### Work request
Wherever pictures appear in the listing below, leave them out, and copy exactly, and only, everything from the line with "Some of the words" down to the line with "this 1536×1365 image.".

### Supplied material
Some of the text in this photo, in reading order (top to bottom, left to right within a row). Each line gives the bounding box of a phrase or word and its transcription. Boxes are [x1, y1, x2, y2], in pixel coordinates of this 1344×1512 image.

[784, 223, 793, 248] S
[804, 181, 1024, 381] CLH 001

...

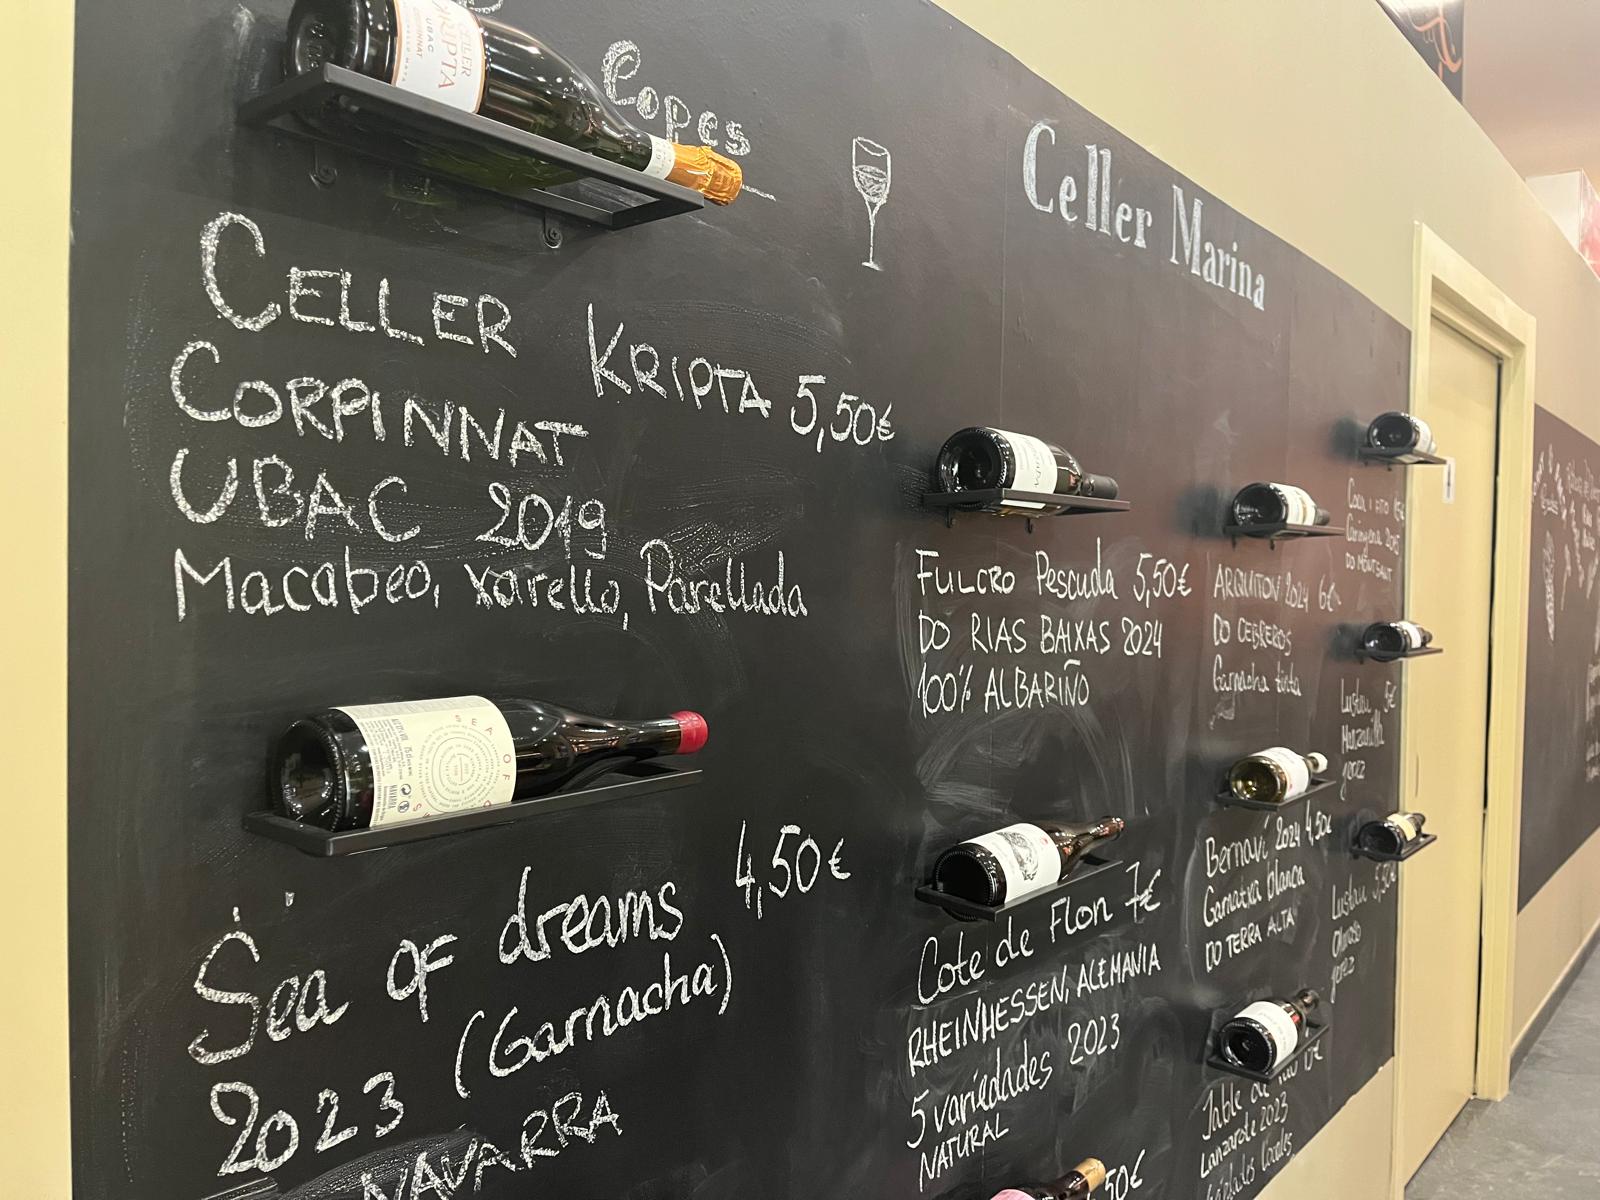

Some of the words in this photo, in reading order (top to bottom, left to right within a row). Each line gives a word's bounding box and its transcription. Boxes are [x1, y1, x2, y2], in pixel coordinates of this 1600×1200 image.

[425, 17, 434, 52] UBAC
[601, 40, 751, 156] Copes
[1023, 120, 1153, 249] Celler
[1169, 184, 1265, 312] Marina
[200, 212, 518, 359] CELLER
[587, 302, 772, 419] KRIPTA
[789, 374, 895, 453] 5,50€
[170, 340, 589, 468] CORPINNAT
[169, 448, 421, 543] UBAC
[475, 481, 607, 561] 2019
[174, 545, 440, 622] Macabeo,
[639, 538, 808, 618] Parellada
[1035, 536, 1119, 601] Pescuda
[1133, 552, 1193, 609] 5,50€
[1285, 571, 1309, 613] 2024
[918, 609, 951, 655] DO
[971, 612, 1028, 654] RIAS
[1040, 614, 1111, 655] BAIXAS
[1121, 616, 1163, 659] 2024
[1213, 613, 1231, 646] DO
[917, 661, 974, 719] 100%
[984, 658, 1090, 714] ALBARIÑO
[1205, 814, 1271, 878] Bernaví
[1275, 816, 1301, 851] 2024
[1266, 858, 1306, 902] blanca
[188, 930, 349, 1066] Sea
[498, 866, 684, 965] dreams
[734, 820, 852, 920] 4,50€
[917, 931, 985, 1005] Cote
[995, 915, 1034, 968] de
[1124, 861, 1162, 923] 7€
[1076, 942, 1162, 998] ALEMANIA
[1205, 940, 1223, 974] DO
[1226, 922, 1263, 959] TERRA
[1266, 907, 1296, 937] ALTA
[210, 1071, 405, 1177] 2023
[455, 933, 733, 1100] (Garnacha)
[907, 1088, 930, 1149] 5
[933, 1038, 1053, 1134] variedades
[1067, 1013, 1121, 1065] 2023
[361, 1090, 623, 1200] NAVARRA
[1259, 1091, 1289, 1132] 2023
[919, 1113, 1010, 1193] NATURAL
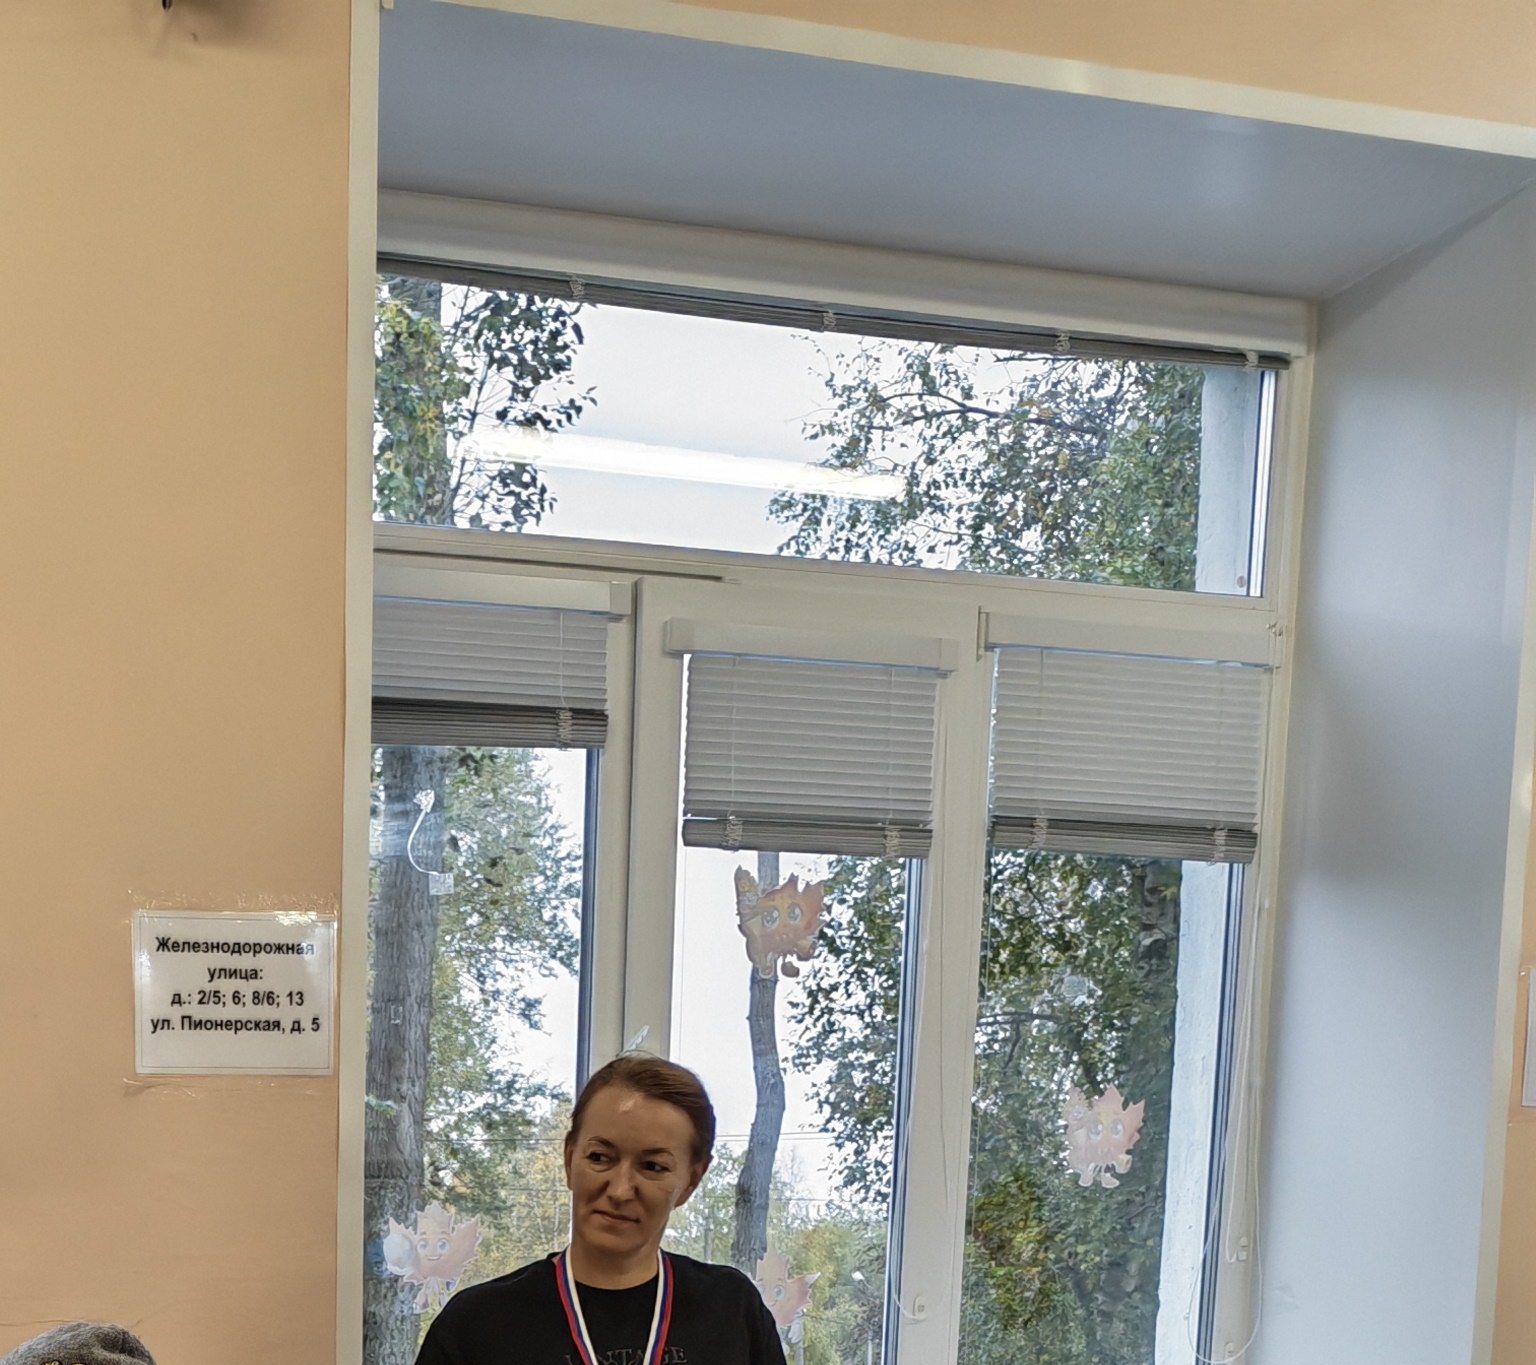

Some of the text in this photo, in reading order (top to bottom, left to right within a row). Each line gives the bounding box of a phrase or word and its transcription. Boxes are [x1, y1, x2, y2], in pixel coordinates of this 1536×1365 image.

--

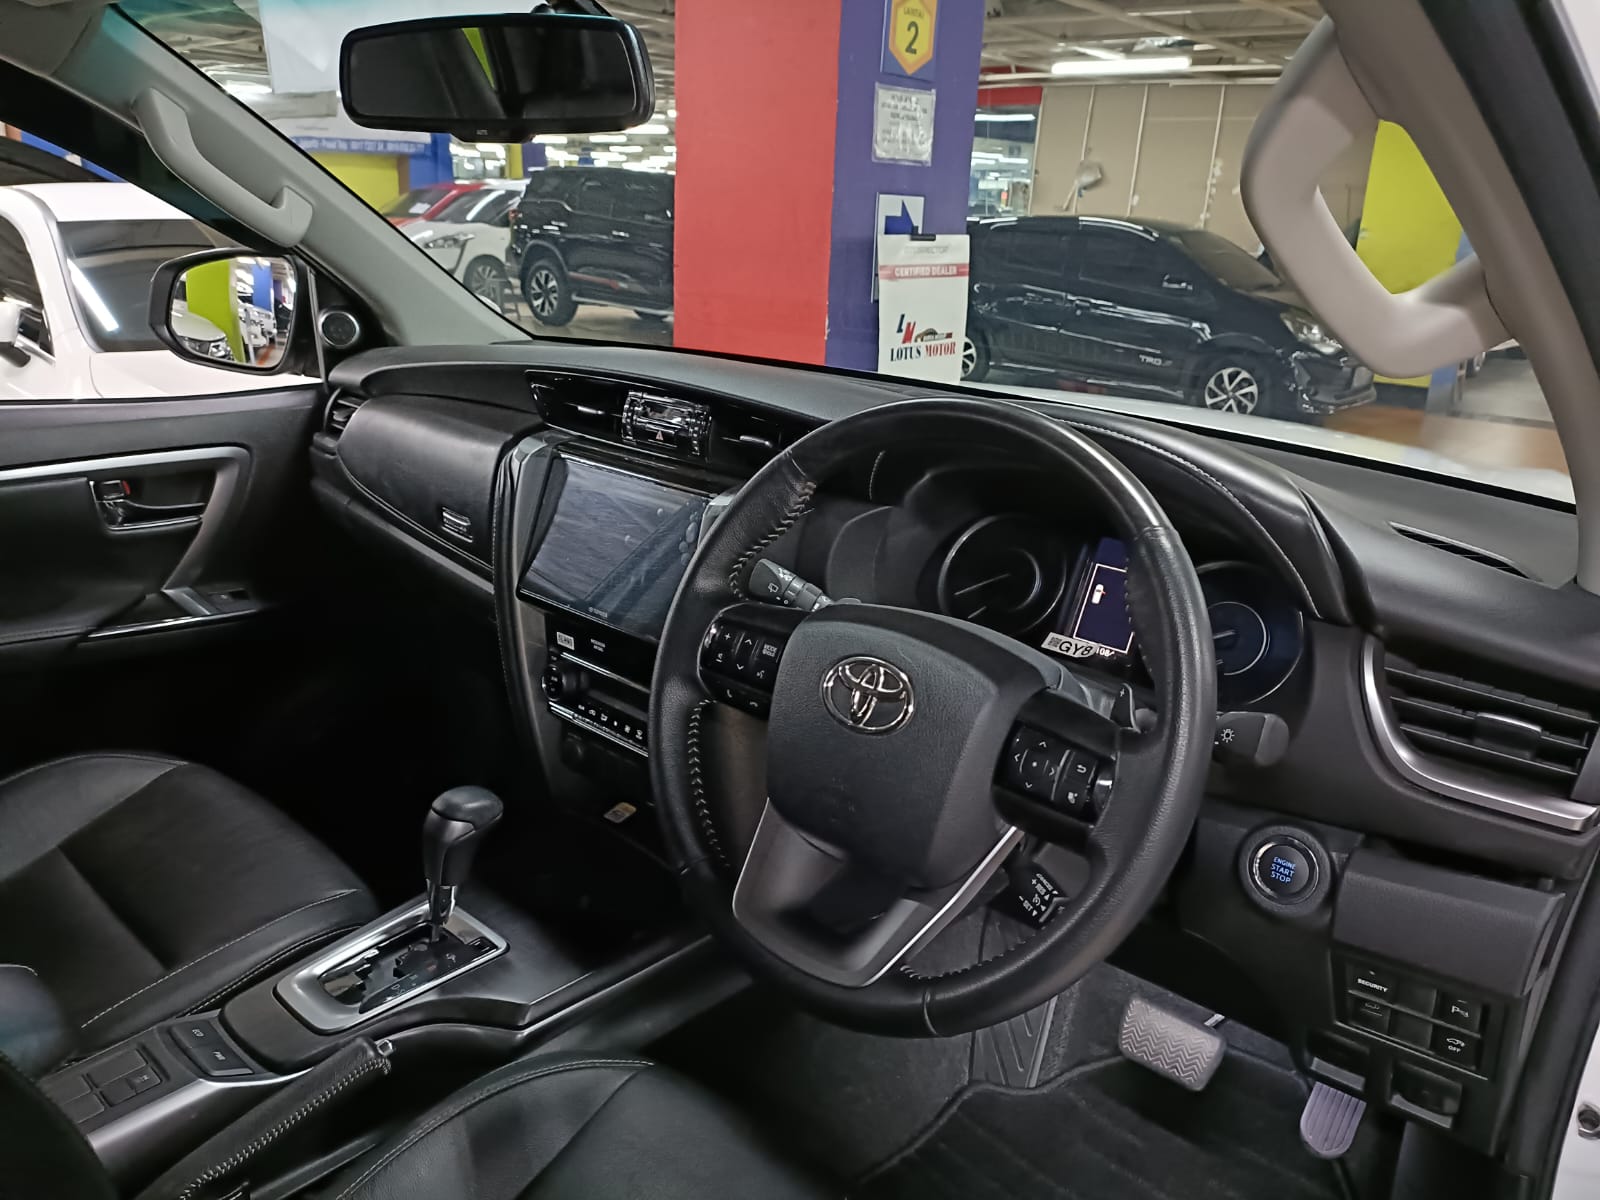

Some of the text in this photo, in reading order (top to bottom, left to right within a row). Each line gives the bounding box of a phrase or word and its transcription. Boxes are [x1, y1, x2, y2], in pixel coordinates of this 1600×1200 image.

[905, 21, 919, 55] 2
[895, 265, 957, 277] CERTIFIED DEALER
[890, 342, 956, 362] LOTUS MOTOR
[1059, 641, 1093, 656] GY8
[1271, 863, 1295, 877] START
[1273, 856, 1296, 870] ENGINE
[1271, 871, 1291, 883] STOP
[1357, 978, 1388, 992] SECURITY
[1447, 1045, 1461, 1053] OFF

### Solved exercise
Some of the words in this photo, in reading order (top to bottom, left to right within a row). Each line gives a word's bounding box and its transcription. Boxes are [x1, y1, x2, y2], in pixel coordinates of this 1600×1200 image.

[425, 17, 434, 52] UBAC
[601, 40, 751, 156] Copes
[1023, 120, 1153, 249] Celler
[1169, 184, 1265, 312] Marina
[200, 212, 518, 359] CELLER
[587, 302, 772, 419] KRIPTA
[789, 374, 895, 453] 5,50€
[170, 340, 589, 468] CORPINNAT
[169, 448, 421, 543] UBAC
[475, 481, 607, 561] 2019
[174, 545, 440, 622] Macabeo,
[639, 538, 808, 618] Parellada
[1035, 536, 1119, 601] Pescuda
[1133, 552, 1193, 609] 5,50€
[1285, 571, 1309, 613] 2024
[918, 609, 951, 655] DO
[971, 612, 1028, 654] RIAS
[1040, 614, 1111, 655] BAIXAS
[1121, 616, 1163, 659] 2024
[1213, 613, 1231, 646] DO
[917, 661, 974, 719] 100%
[984, 658, 1090, 714] ALBARIÑO
[1205, 814, 1271, 878] Bernaví
[1275, 816, 1301, 851] 2024
[1266, 858, 1306, 902] blanca
[188, 930, 349, 1066] Sea
[498, 866, 684, 965] dreams
[734, 820, 852, 920] 4,50€
[917, 931, 985, 1005] Cote
[995, 915, 1034, 968] de
[1124, 861, 1162, 923] 7€
[1076, 942, 1162, 998] ALEMANIA
[1205, 940, 1223, 974] DO
[1226, 922, 1263, 959] TERRA
[1266, 907, 1296, 937] ALTA
[210, 1071, 405, 1177] 2023
[455, 933, 733, 1100] (Garnacha)
[907, 1088, 930, 1149] 5
[933, 1038, 1053, 1134] variedades
[1067, 1013, 1121, 1065] 2023
[361, 1090, 623, 1200] NAVARRA
[1259, 1091, 1289, 1132] 2023
[919, 1113, 1010, 1193] NATURAL

Some of the text in this photo, in reading order (top to bottom, left to right within a row). Each line gives the bounding box of a phrase or word and its transcription. Boxes are [x1, y1, x2, y2], in pixel coordinates of this 1536×1365 image.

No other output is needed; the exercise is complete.